# What is your favorite?



## bluemtn (Jun 22, 2006)

What is your favorite thing about your art? is it sparring? Self defense? Weapons? I like all three of the one's I've listed. If you like other things, type it in your reply!


----------



## Kacey (Jun 22, 2006)

Step sparring and patterns.  I chose "other" because I didn't think that step sparring was the sparring you were talking about.


----------



## Martial Tucker (Jun 22, 2006)

I voted for sparring, because it is so much fun, but I'd also mention teaching.
I get a lot of joy out of finding ways to help someone "get" a concept or technique they had been struggling with.


----------



## Tarot (Jun 22, 2006)

Weapons!  I love learning and doing weapons drills especially knife work.  That's my very favorite.  I'm also partial to a lot of the empty hand stuff we do, I enjoy that a lot.


----------



## Nevada_MO_Guy (Jun 22, 2006)

I voted for all 3.

It breaks down for me as getting this old body a moving and keeping up with the young'ens  (now where did I put that cane)

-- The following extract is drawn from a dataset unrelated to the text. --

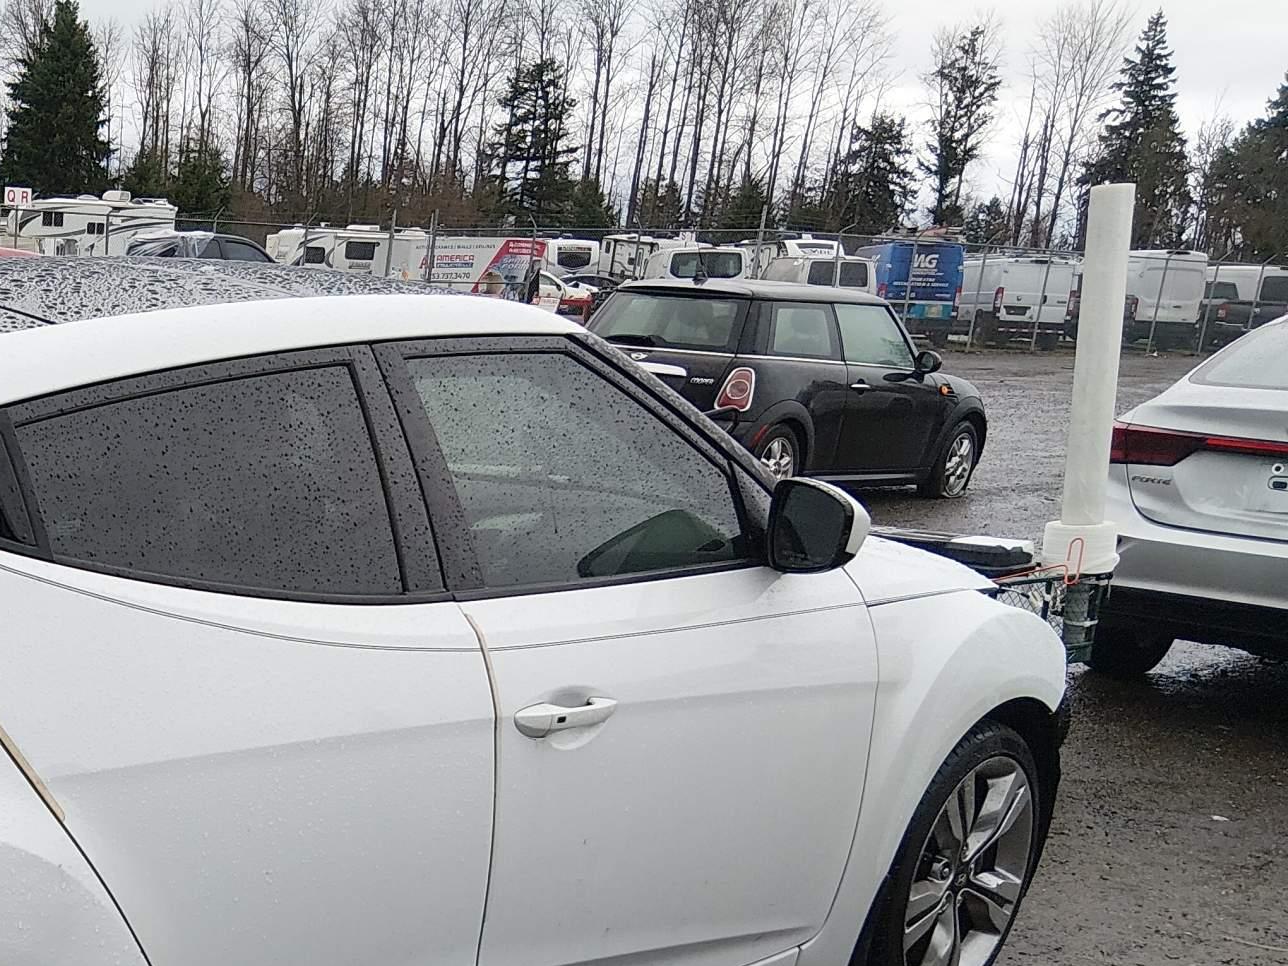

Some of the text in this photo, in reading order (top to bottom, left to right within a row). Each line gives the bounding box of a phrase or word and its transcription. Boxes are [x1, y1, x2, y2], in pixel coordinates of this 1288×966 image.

I like the sparring for timing and letting me know when I should cover better....man those kicks come from nowhere :btg: 

The self defense, has the confidence boost along with flexiblility and balance.

For weapons, the nunchaku kata really makes you respect the back of your head.


----------



## fireman00 (Jun 22, 2006)

I love weapons (nunchuckas especially), sparring is a GREAT workout - I just need to "unfocus" more and go with the flow of the fight, the self defense (one steps/ hapkidos) are very beneficial as they lay the ground work for more spontanious responses to an attack.


----------



## matt.m (Jun 22, 2006)

I am gimped up.  So I am going to say my favorite part of class is working forms.  I dig the other stuff, however I found that dumping as much energy into forms is an awesome workout.


----------



## terryl965 (Jun 22, 2006)

I voted all three but for me really it is more of a spiritual thing now a days.
Terry


----------



## IcemanSK (Jun 22, 2006)

Of the choices, I voted for sparring & SD. I like forms, too! But, I'm not a big weapons guy.


----------



## karatekid1975 (Jun 22, 2006)

For me, it's forms #1, then self defense. I'm a technique geek, and I love practicing a form till I get it right with good technique. If I don't think a tech looks or feels right, I'll keep doing it till it does. And the self defense is fun, too. Specially in Jujitsu (no forms there but lots of SD).


----------



## Greg King (Jun 23, 2006)

Sparring and self defense is what i like .Can't really comment on the weapons yet as i have not gotten to practice with them


----------



## donna (Jun 23, 2006)

I love the Katas


----------



## Paul B (Jun 23, 2006)

I am really hard pressed to pick just one,really..there's *so* much that I love to do in Hapkido. I just don't know.:idunno:  

I know that I'll go through cycles of "current favorites",though..which I think is normal *quick glance around*..I'll get caught up in belt technique for a while..then I'll move on to really tearing apart all the wristlocks..move on to throwing. I love it all,ya know?:uhyeah:


----------



## painstain (Jun 24, 2006)

i love sparring and sd but i think i like arial kicks the most. the are challenging and when you do one correctly it is very self satisfying. 

with respect
painstain


----------



## bookworm_cn317 (Jun 25, 2006)

My favorite part is the poomse.


----------



## tkd_jen (Jun 25, 2006)

I used to be afraid of sparring, now I really like it, I'm really bad at it, but I love getting out there and mixing it up. I like weapons because they are not something we do often.


----------



## Miles (Jun 26, 2006)

Poomsae is my favorite, so I voted under 'other.'  I enjoy all aspects of TKD, including breaking, hogu drills, paddle drills, and philosophy.

Miles


----------



## bobster_ice (Jun 27, 2006)

tkdgirl said:
			
		

> What is your favorite thing about your art? is it sparring? Self defense? Weapons? I like all three of the one's I've listed. If you like other things, type it in your reply!


 
I basically like everything I do in TKD except when it comes to the end of class and I have to go home...


----------



## Fluffy (Jul 4, 2006)

None.........Forms!


----------



## mcmillintkd (Jul 11, 2006)

I have to agree. I love the solitude of working on forms. The time it takes to get that one little move that pulls it all together.  When I took karate as a kid the instructor told us that each kata needed to be done 500 times before testing.  I do not get that many times but I try to keep working on it.


----------



## stabpunch (Jul 12, 2006)

I find that weapons are fun, i only like to know some basic knife and stick applications though, as not to get into too much trouble. Stick is alright but knife is messy...


----------